SECTION 2.5 Reinstatement. If at any time any payment
on any Secured Obligation is set aside, avoided, or rescinded or
must otherwise be restored or returned, this Agreement and the
security interest created hereby shall remain in full force and
effect and, if previously released or terminated, shall be
automatically and fully reinstated, without any necessity for any
act, consent or agreement of any Debtor, as fully as if such
payment had never been made and as fully as if any such release
or termination had never become effective.
ARTICLE III
DEBTORS' REPRESENTATIONS AND WARRANTIES
SECTION III.1 Representations and Warranties. The
Debtors represent and warrant that:
(a) Schedule A completely and accurately describes the
cash and Newco Common Stock delivered to Secured Party as
part of the Initial Trust Estate pursuant to the Collateral
Trust Agreement.
(b) Each Debtor's chief executive office is located at
the address shown as the chief executive office on Schedule
B hereto. No Debtor has any place of business within the
United States. All tangible Collateral and all of each
Debtor's records relating to any intangible Collateral owned
by it are kept solely at such chief executive office.

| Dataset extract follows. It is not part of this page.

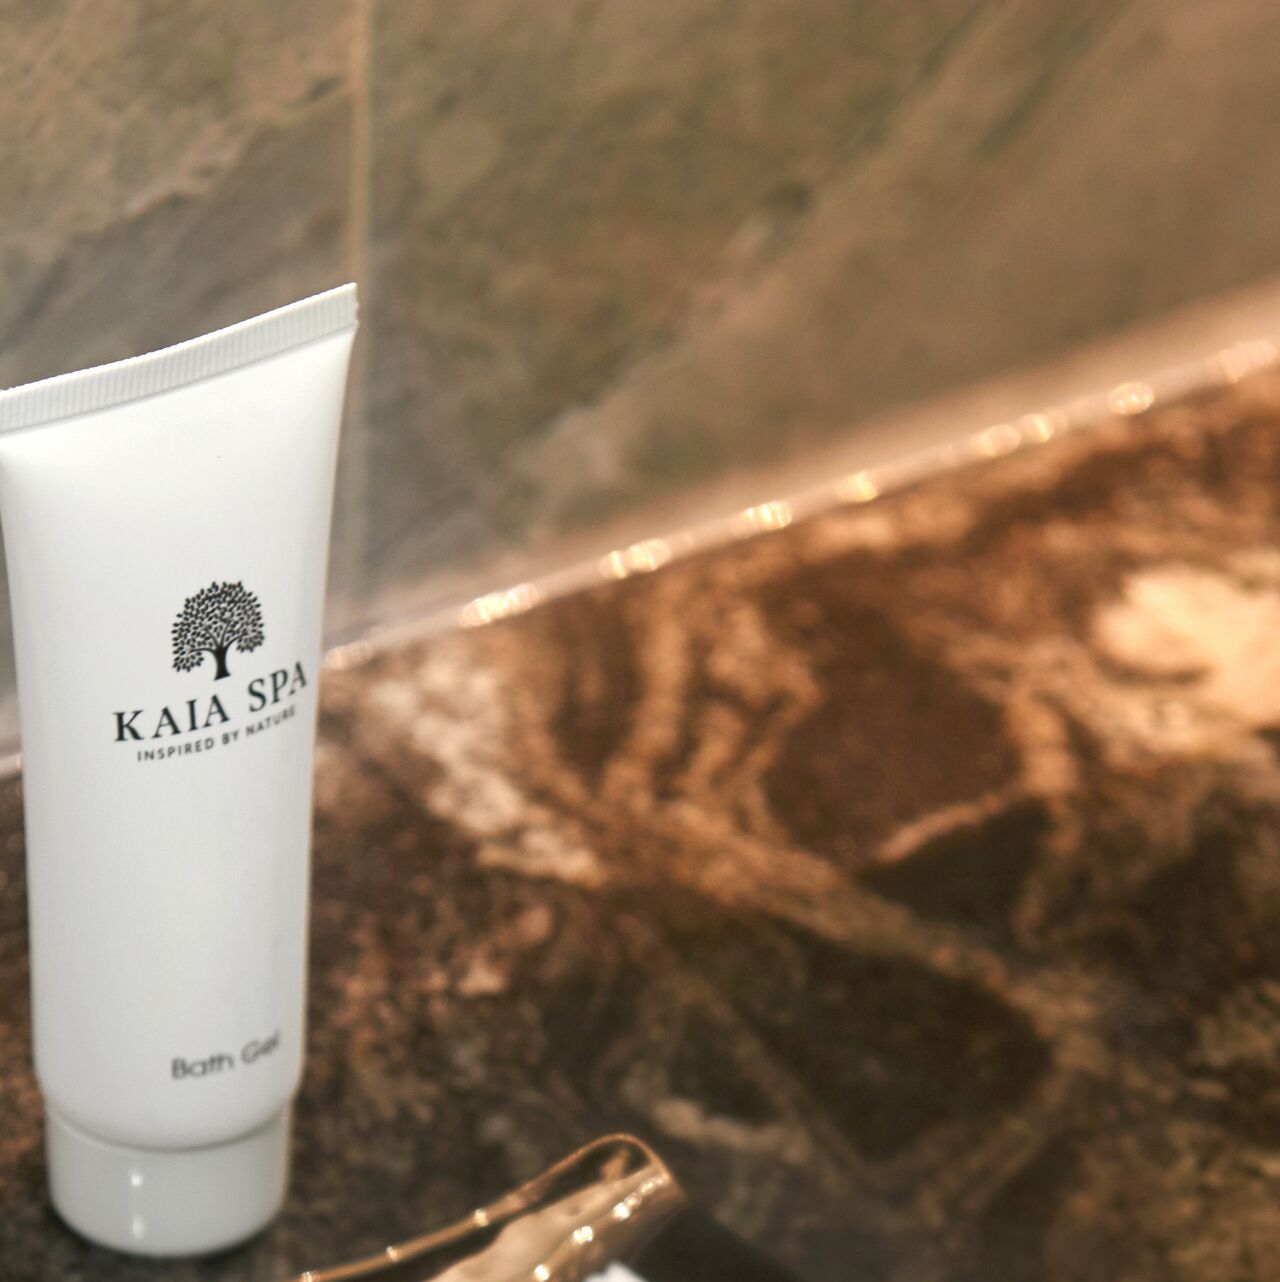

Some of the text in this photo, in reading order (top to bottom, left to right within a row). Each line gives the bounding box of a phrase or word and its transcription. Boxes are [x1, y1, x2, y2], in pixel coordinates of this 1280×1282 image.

(c) No Debtor does business, or at any time during the
five years preceding the date of this Agreement has done
business, within the United States.
(d) Each Debtor at all times is (or, as to any item of
Collateral acquired after the date hereof, will be) the sole
legal and beneficial owner of all Collateral reflected on
its books and records as belonging to it and has exclusive
possession and control thereof free and clear of any and all
Liens, subject to the Collateral Trust Agreement and this
Agreement and the interests, possession and control granted
to Secured Party thereunder. No financing statement, notice
of lien, mortgage, deed of trust or instrument similar in
effect covering the Collateral, any portion thereof, or any
proceeds thereof, exists or is on file in any public office,
except as may have been filed in favor of Secured Party.
(e) All originals of all stock certificates, notes,
bonds, debentures and other instruments constituting
Collateral have been delivered to Secured Party with all
necessary or appropriate endorsements.
(f) Except as set forth in Schedule C and except
for the Code, no Debtor and no Collateral purported to
be granted by it is subject to any requirement of law
or contractual obligation which prohibits, restricts,
or limits the execution, delivery or performance of
this Agreement or the creation, perfection or
enforcement of the security interest purported to be
created hereby.
(g) Neither Debtor has a United States federal
taxpayer identification number.
(h) Each Debtor is a corporation or limited liability
company organized, validly existing and in good standing
under the laws of the jurisdiction in which it is organized
and is duly qualified to do business and in good standing in
each jurisdiction where its material assets are located or
its material operations are conducted, except where the
failure to be so qualified could not reasonably be expected
to cause a change that would be material and adverse to such
Debtor.
(i) Each Debtor has the corporate or partnership power
to execute, deliver and perform its obligations under the
Collateral Trust Agreement and this Agreement.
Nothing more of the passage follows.